Segment Open

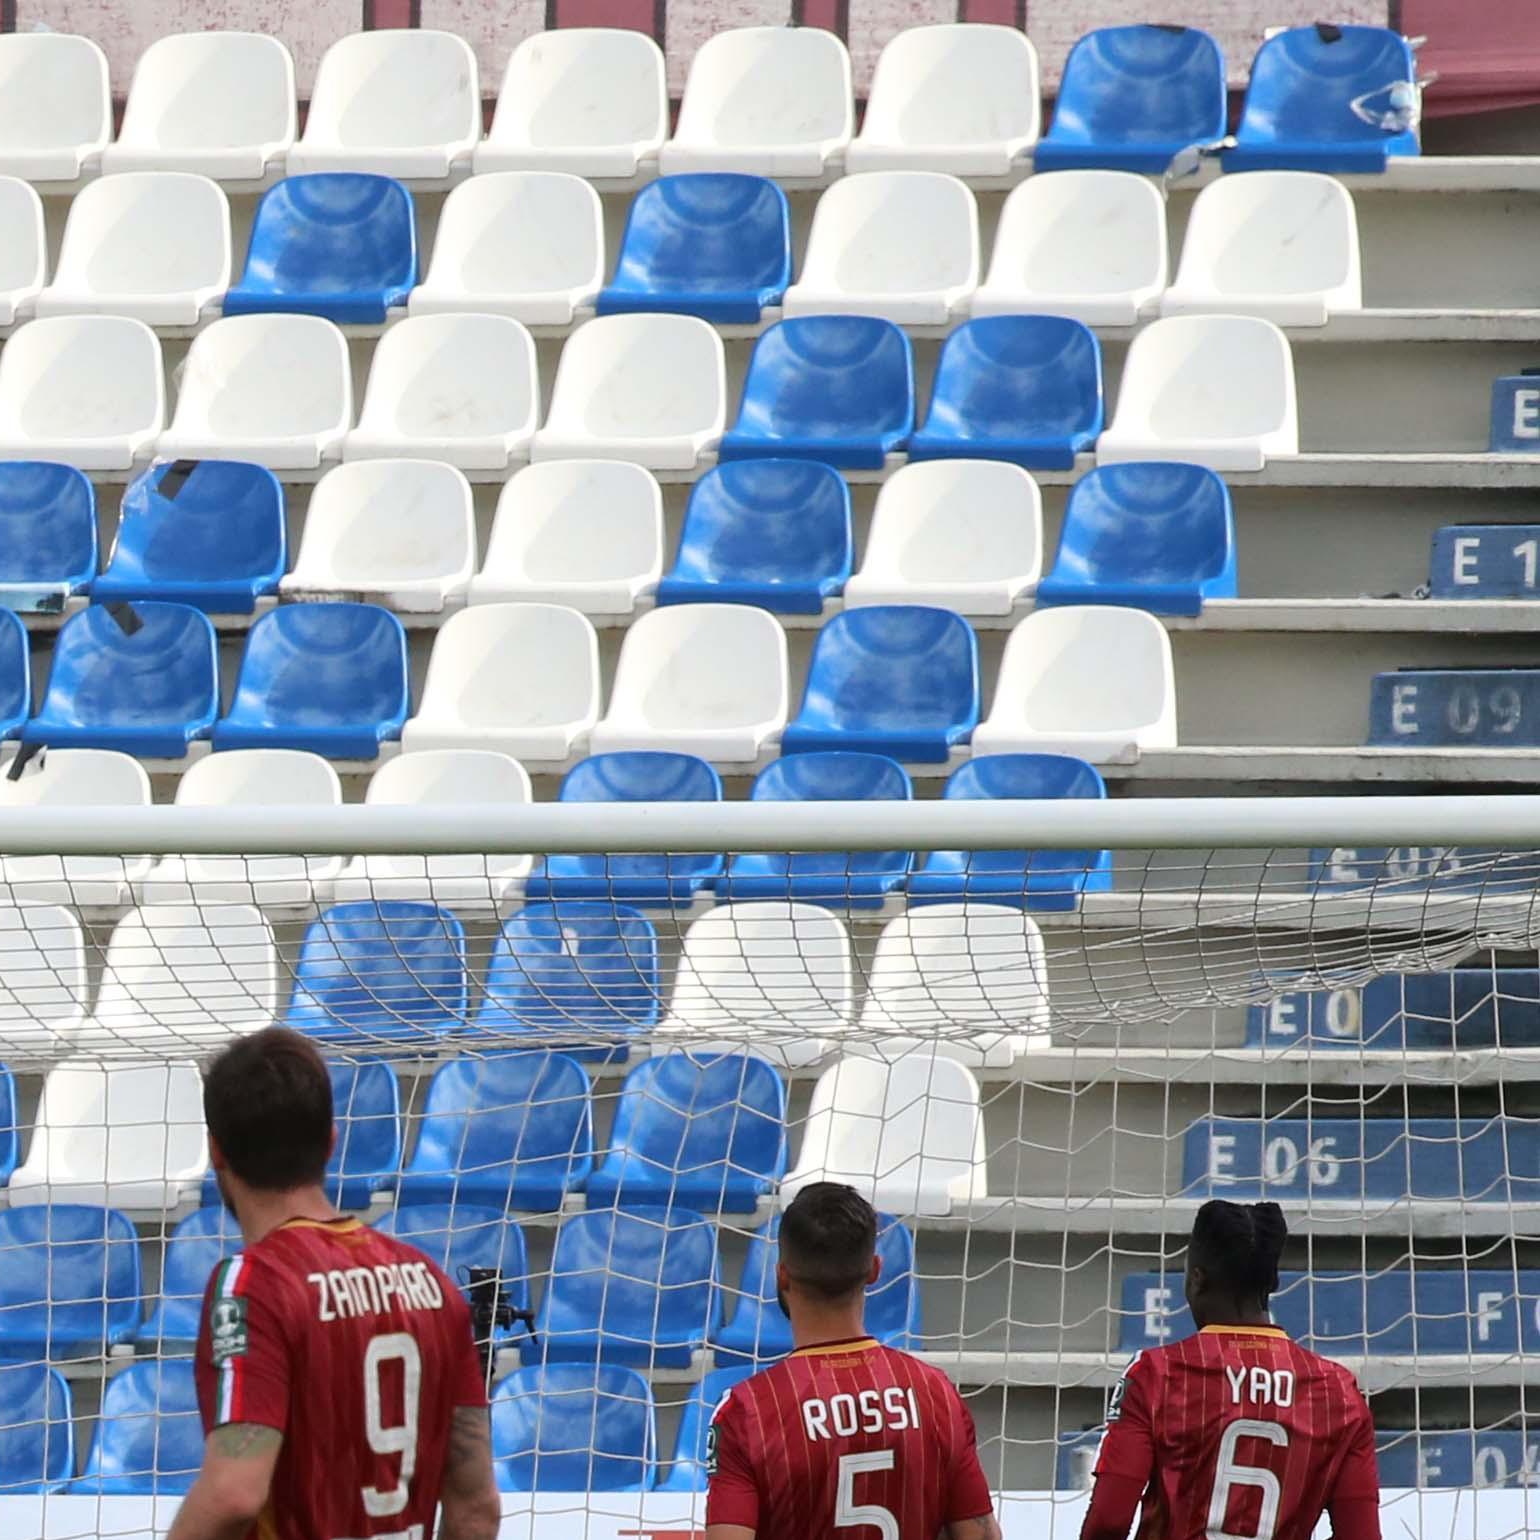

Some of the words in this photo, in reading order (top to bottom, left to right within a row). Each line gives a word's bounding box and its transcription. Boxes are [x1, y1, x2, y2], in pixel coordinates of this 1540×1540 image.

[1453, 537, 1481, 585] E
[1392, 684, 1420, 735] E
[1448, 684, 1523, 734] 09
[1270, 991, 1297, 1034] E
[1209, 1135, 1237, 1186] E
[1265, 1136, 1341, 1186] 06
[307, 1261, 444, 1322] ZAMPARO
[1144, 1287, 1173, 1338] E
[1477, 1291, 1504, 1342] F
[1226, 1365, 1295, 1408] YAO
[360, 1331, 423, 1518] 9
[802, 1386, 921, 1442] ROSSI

Segment Closed

Assignment:
Quote the records in their entirety, keeping the wording exact and excluding pictures.

Solved problem:
Some of the words in this photo, in reading order (top to bottom, left to right within a row). Each line gives a word's bounding box and its transcription. Boxes are [x1, y1, x2, y2], in pixel coordinates of this 1540×1540 image.

[1453, 537, 1481, 585] E
[1392, 684, 1420, 735] E
[1448, 684, 1523, 734] 09
[1270, 991, 1297, 1034] E
[1209, 1135, 1237, 1186] E
[1265, 1136, 1341, 1186] 06
[307, 1261, 444, 1322] ZAMPARO
[1144, 1287, 1173, 1338] E
[1477, 1291, 1504, 1342] F
[1226, 1365, 1295, 1408] YAO
[360, 1331, 423, 1518] 9
[802, 1386, 921, 1442] ROSSI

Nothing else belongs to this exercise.